— Task to carry out —
Leave the pictures out while you restate every entry below word for word.

Top of Information shown

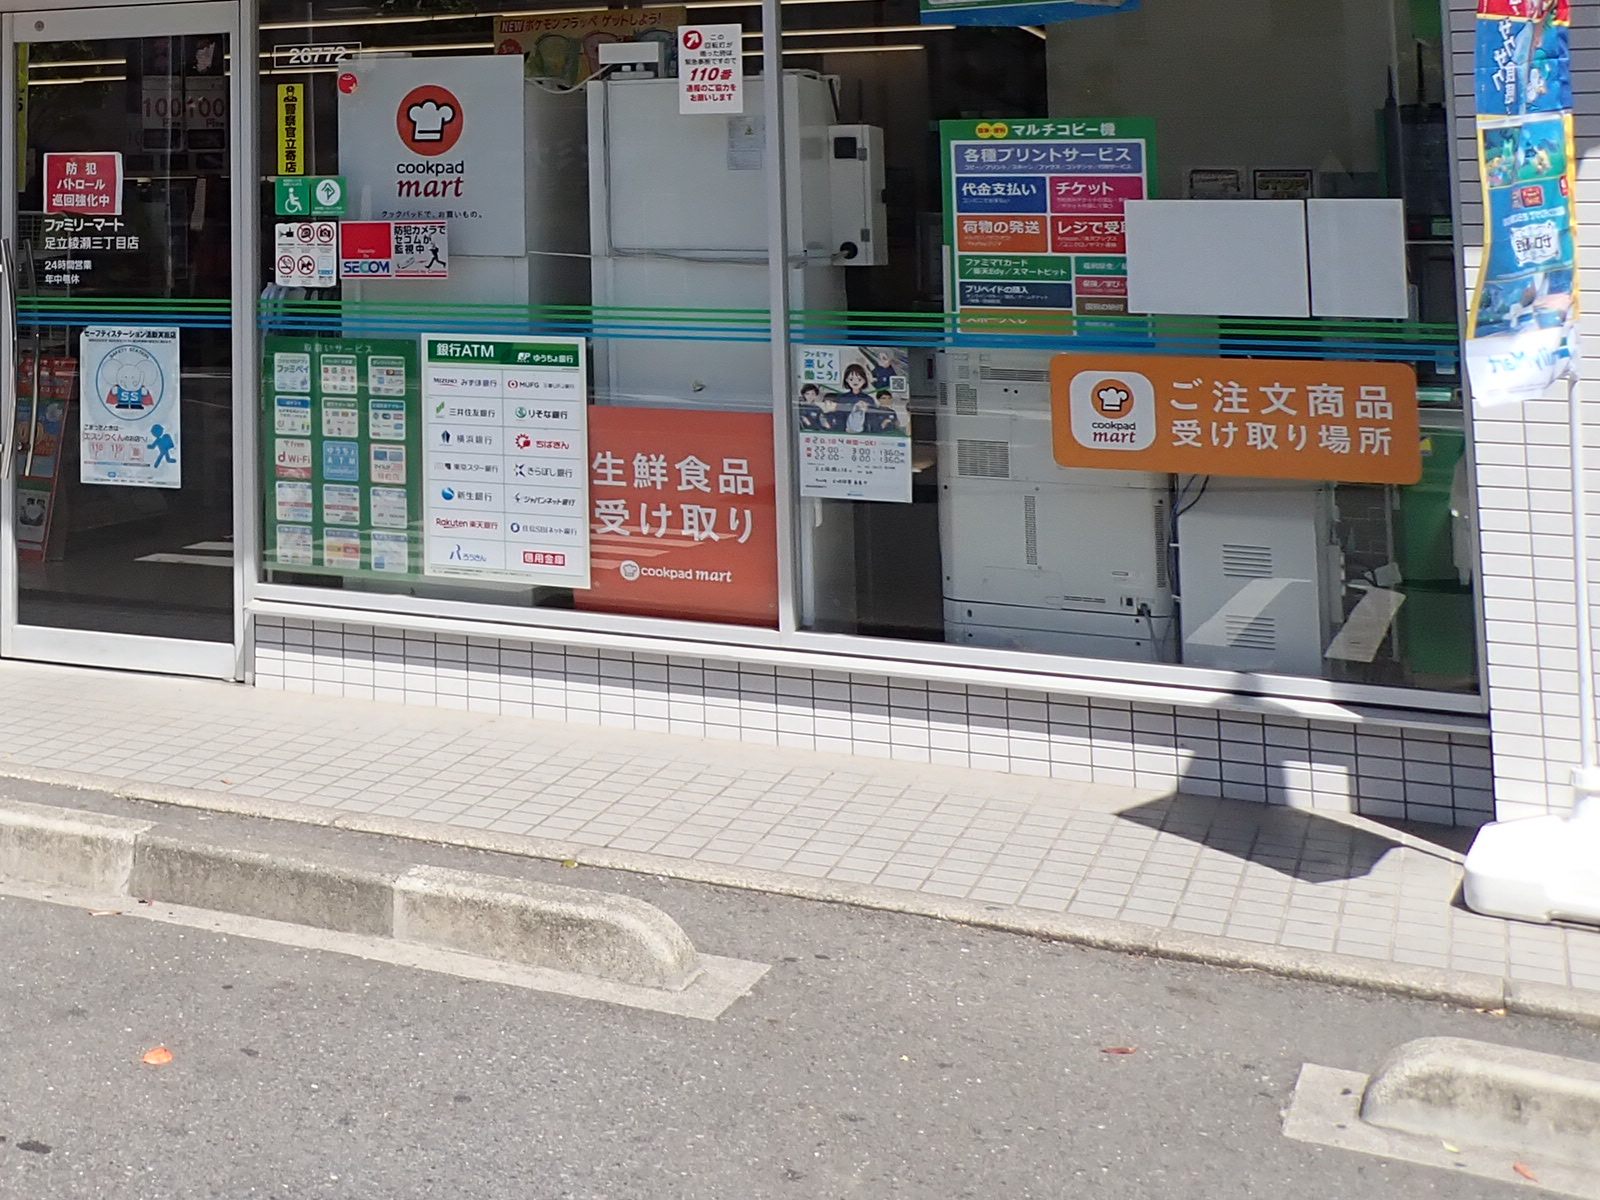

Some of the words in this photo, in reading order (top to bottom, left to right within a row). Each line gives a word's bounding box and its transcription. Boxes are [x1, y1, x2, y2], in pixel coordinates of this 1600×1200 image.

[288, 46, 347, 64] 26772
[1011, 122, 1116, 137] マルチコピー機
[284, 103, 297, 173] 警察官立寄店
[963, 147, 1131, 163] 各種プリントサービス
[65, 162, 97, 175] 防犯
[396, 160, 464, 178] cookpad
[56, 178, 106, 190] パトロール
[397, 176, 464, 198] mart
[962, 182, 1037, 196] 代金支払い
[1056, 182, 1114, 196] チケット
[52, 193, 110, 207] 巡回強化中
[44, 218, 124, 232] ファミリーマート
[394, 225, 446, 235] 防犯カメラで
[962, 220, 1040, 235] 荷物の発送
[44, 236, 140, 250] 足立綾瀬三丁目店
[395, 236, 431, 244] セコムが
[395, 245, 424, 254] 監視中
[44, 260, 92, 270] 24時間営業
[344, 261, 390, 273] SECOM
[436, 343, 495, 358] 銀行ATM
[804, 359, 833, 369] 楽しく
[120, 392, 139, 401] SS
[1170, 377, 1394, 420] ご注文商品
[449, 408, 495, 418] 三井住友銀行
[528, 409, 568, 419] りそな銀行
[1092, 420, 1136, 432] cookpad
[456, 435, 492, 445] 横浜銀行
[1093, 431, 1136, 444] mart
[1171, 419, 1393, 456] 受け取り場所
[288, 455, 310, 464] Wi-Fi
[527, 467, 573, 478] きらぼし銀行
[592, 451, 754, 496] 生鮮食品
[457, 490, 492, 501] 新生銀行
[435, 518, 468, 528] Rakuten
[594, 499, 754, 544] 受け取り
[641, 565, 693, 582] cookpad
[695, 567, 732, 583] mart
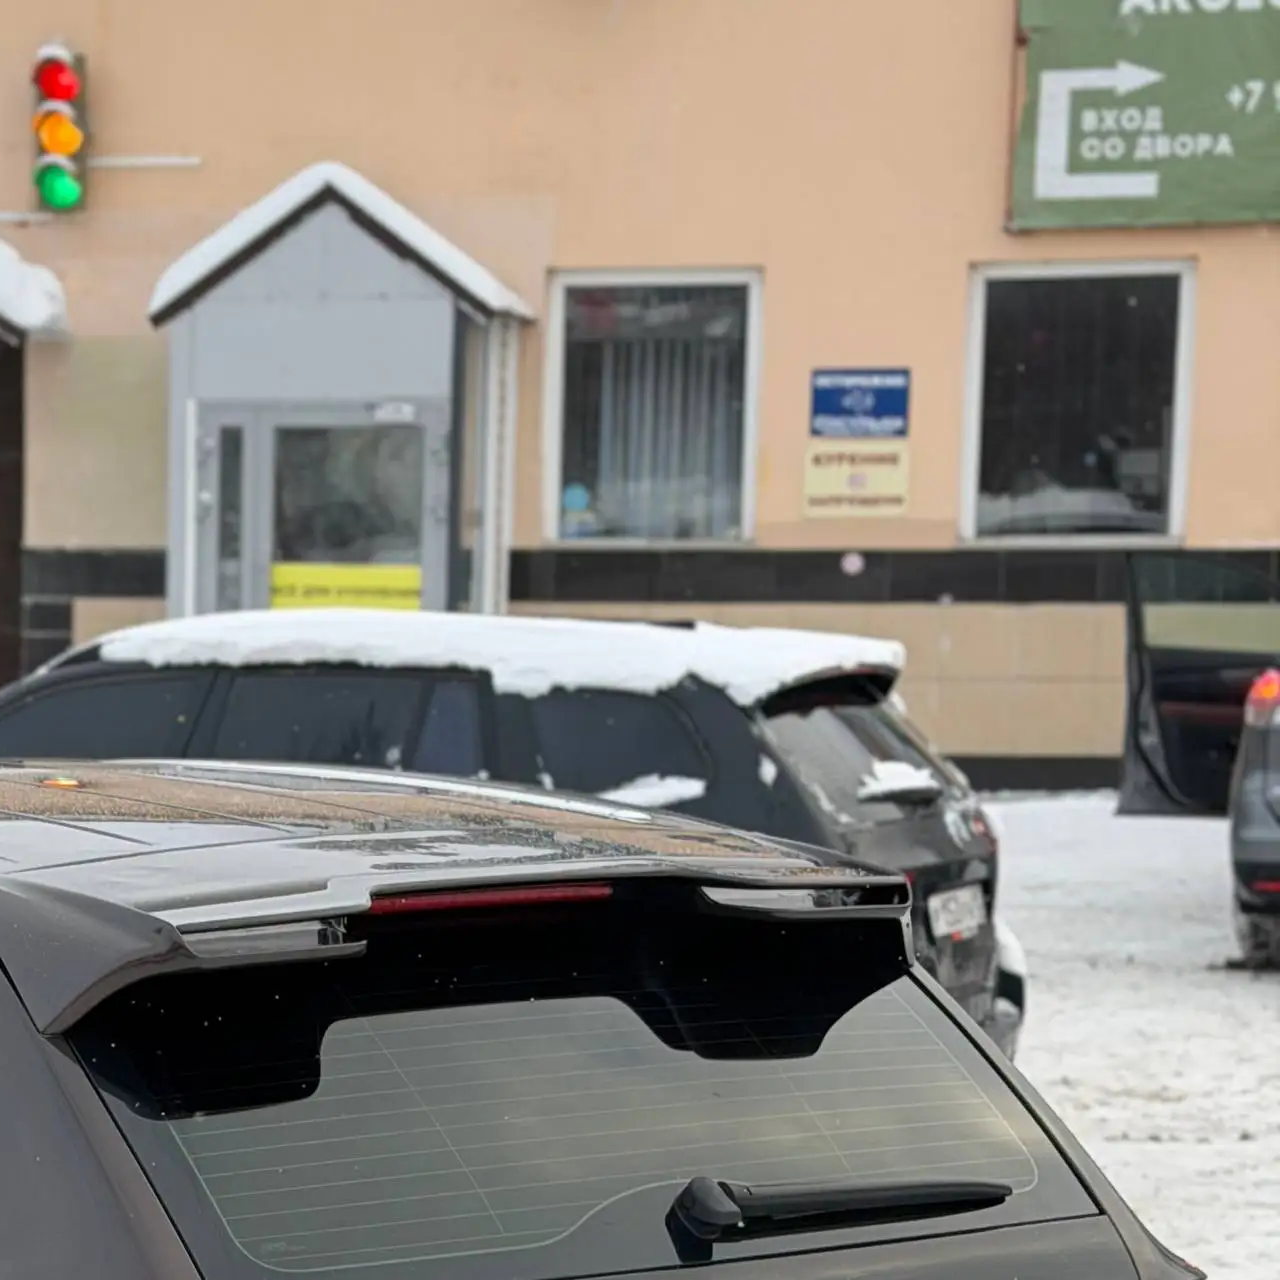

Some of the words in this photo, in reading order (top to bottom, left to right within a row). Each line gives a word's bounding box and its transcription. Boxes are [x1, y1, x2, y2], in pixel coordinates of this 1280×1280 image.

Bottom of Information shown

— Written answer —
Some of the words in this photo, in reading order (top to bottom, left to right within a row). Each line gives a word's bounding box and its transcription. Boxes are [x1, y1, x2, y2], in pixel coordinates of this 1600×1200 image.

[288, 46, 347, 64] 26772
[1011, 122, 1116, 137] マルチコピー機
[284, 103, 297, 173] 警察官立寄店
[963, 147, 1131, 163] 各種プリントサービス
[65, 162, 97, 175] 防犯
[396, 160, 464, 178] cookpad
[56, 178, 106, 190] パトロール
[397, 176, 464, 198] mart
[962, 182, 1037, 196] 代金支払い
[1056, 182, 1114, 196] チケット
[52, 193, 110, 207] 巡回強化中
[44, 218, 124, 232] ファミリーマート
[394, 225, 446, 235] 防犯カメラで
[962, 220, 1040, 235] 荷物の発送
[44, 236, 140, 250] 足立綾瀬三丁目店
[395, 236, 431, 244] セコムが
[395, 245, 424, 254] 監視中
[44, 260, 92, 270] 24時間営業
[344, 261, 390, 273] SECOM
[436, 343, 495, 358] 銀行ATM
[804, 359, 833, 369] 楽しく
[120, 392, 139, 401] SS
[1170, 377, 1394, 420] ご注文商品
[449, 408, 495, 418] 三井住友銀行
[528, 409, 568, 419] りそな銀行
[1092, 420, 1136, 432] cookpad
[456, 435, 492, 445] 横浜銀行
[1093, 431, 1136, 444] mart
[1171, 419, 1393, 456] 受け取り場所
[288, 455, 310, 464] Wi-Fi
[527, 467, 573, 478] きらぼし銀行
[592, 451, 754, 496] 生鮮食品
[457, 490, 492, 501] 新生銀行
[435, 518, 468, 528] Rakuten
[594, 499, 754, 544] 受け取り
[641, 565, 693, 582] cookpad
[695, 567, 732, 583] mart

Some of the words in this photo, in reading order (top to bottom, left to right within a row). Each line gives a word's bounding box and its transcription. Boxes are [x1, y1, x2, y2], in pixel coordinates of this 1280×1280 image.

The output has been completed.